With summer not really in evidence until the beginning of next month, the Company of Ten is aiming to bring a bit of sunshine to audiences at the Abbey Theatre with their next production.

They are putting on Alan Ayckbourn’s Round and Round the Garden, one of his famous trilogy of plays entitled The Norman Conquests which were first produced in 1973.

All set in the same country house over a single weekend, the three plays follow the efforts of assistant librarian Norman to seduce not only his wife’s sister but also her sister-in-law.

Each play shows the events from the perspective of a different location – dining room (Table Manners), living room (Living Together) and garden (Round and Round the Garden). But while the plays complement each other, they also work independently and can be enjoyed in their own right.

Round and Round the Garden, which is being performed from next Thursday, May 15, and runs until Saturday, May 24, includes plenty of unlikely situations and physical humour.

But according to director Alan Bobroff, it is the quality of comic writing that really makes the play stand out.
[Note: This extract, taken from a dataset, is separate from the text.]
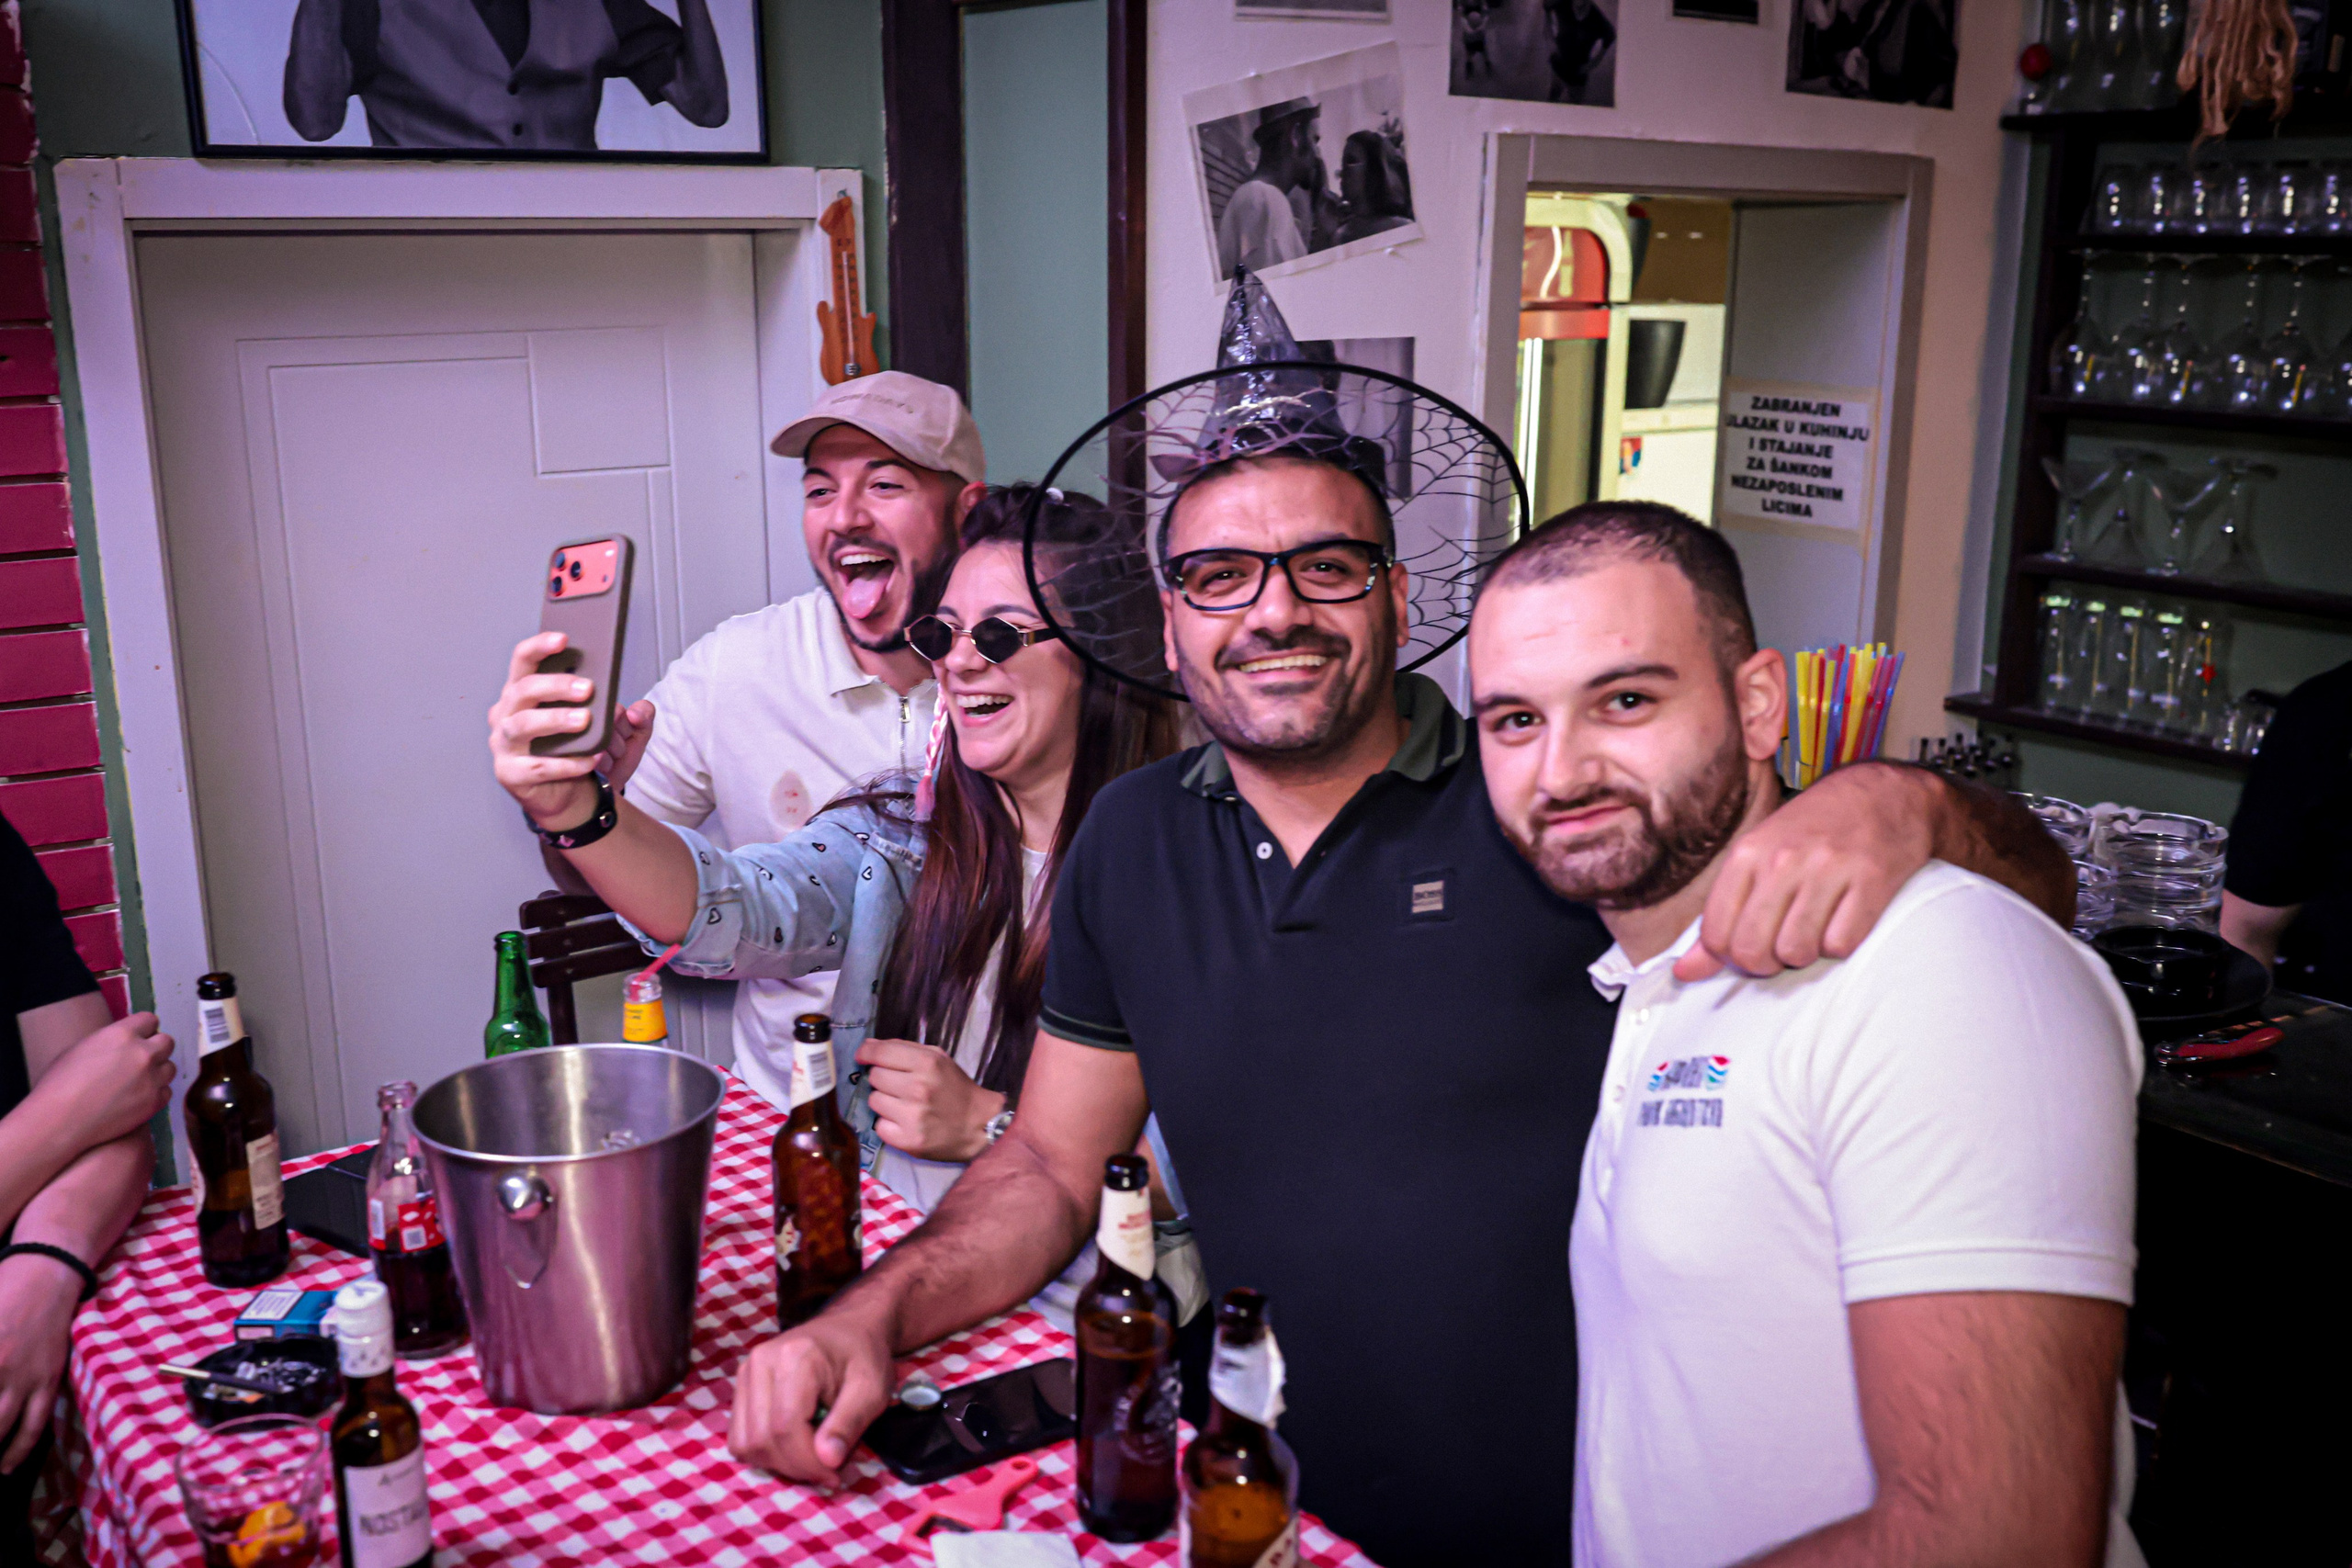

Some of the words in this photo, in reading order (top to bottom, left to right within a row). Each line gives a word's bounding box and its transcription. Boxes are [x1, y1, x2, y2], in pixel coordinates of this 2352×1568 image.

He explained: “Rather than relying on the knockabout of farce to produce laughs, Ayckbourn creates the comedy in the personalities of his characters and the dialogue he has written for them.

“During rehearsals we were constantly finding little nuggets of comedy hidden in the writing.”

He added: “To have the opportunity to direct a play by one of our favourite playwrights and one who especially appeals to audiences at this theatre, is a particular delight.”

Performances take place at 8pm from from Thursday, May 15, to Saturday, May 17, at 2.30pm on Sunday, May 18, and again at 8pm from Wednesday, May 21, to Saturday, May 24.

Tickets are available from www.abbeytheatre.org.uk or call the box office on 01727 857861.

There will be an audio-described performance for blind and partially sighted people on Thursday, May 20, and audience members wishing to use this service should book in advance.

n The charity performance of Round and Round the Garden on Tuesday, May 20, is for the Mark Lindgren Memorial Fund, set up by a St Albans family in memory of their son who was killed in Uganda in March 1999 at the age of 23.

It is a small grant-giving charity which aims to help young people at schools and universities who want to fulfil their individual aims but for various reasons cannot afford to.